▶ **What the task asks**
Write all of the entries out again exactly, but not the images.

= Beginning of Section =

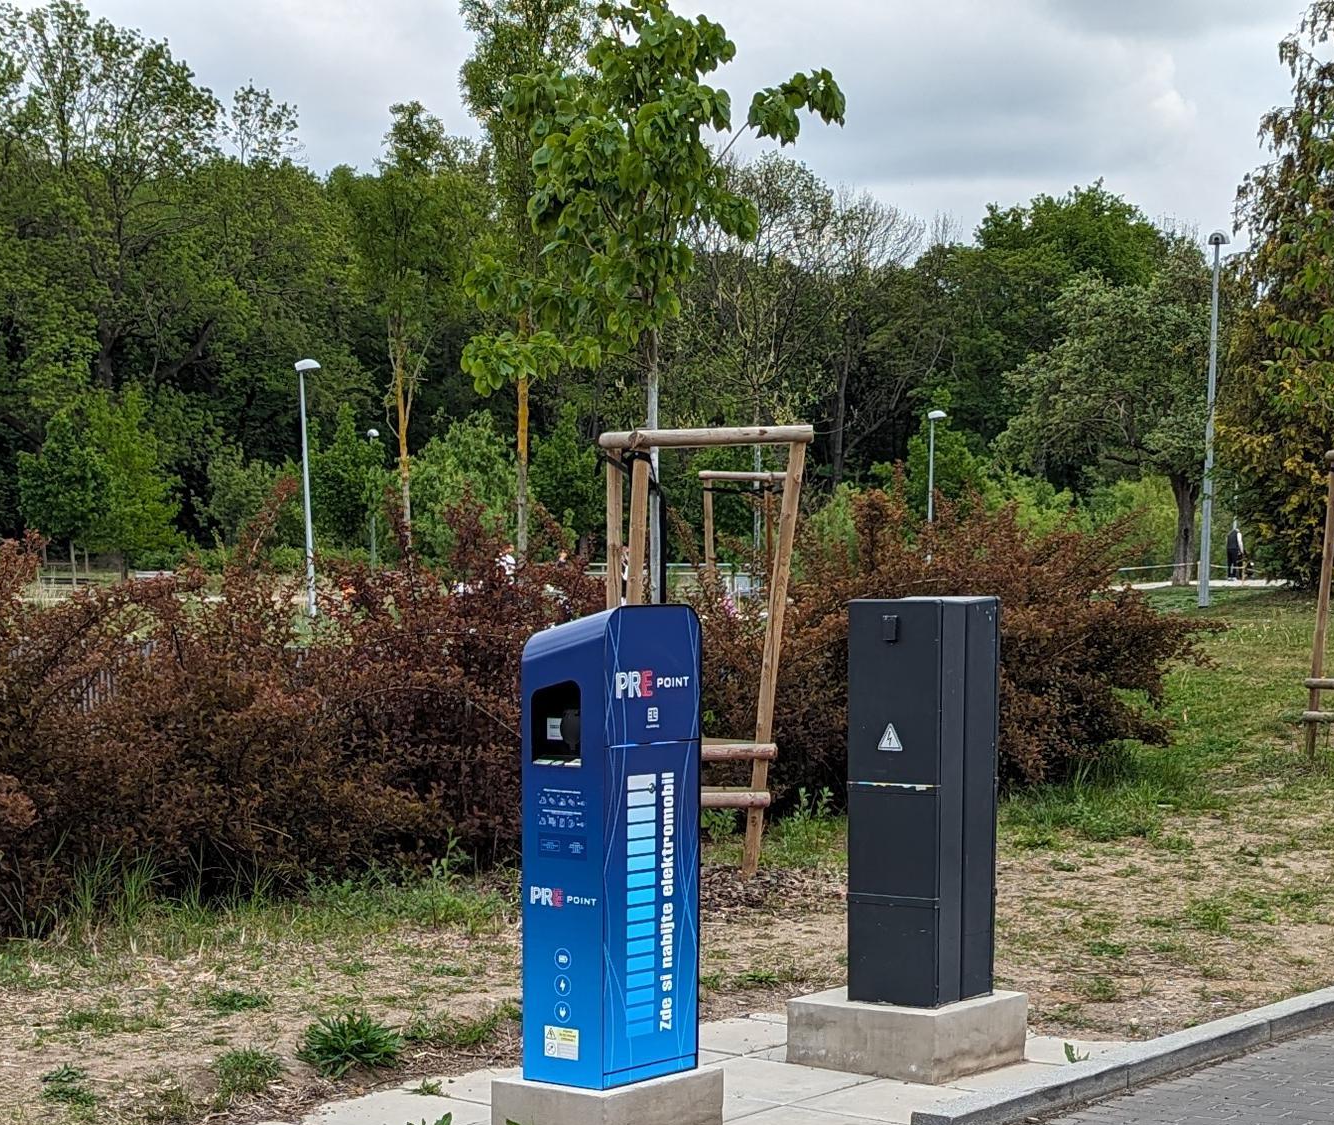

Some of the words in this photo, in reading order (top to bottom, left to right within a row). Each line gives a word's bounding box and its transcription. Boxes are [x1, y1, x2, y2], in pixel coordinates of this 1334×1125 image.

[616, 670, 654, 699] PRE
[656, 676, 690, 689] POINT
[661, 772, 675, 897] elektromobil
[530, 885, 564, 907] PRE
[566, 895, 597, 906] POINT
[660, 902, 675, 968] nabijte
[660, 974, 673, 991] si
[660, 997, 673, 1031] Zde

= End of Section =

▶ **Reply to the task**
Some of the words in this photo, in reading order (top to bottom, left to right within a row). Each line gives a word's bounding box and its transcription. Boxes are [x1, y1, x2, y2], in pixel coordinates of this 1334×1125 image.

[616, 670, 654, 699] PRE
[656, 676, 690, 689] POINT
[661, 772, 675, 897] elektromobil
[530, 885, 564, 907] PRE
[566, 895, 597, 906] POINT
[660, 902, 675, 968] nabijte
[660, 974, 673, 991] si
[660, 997, 673, 1031] Zde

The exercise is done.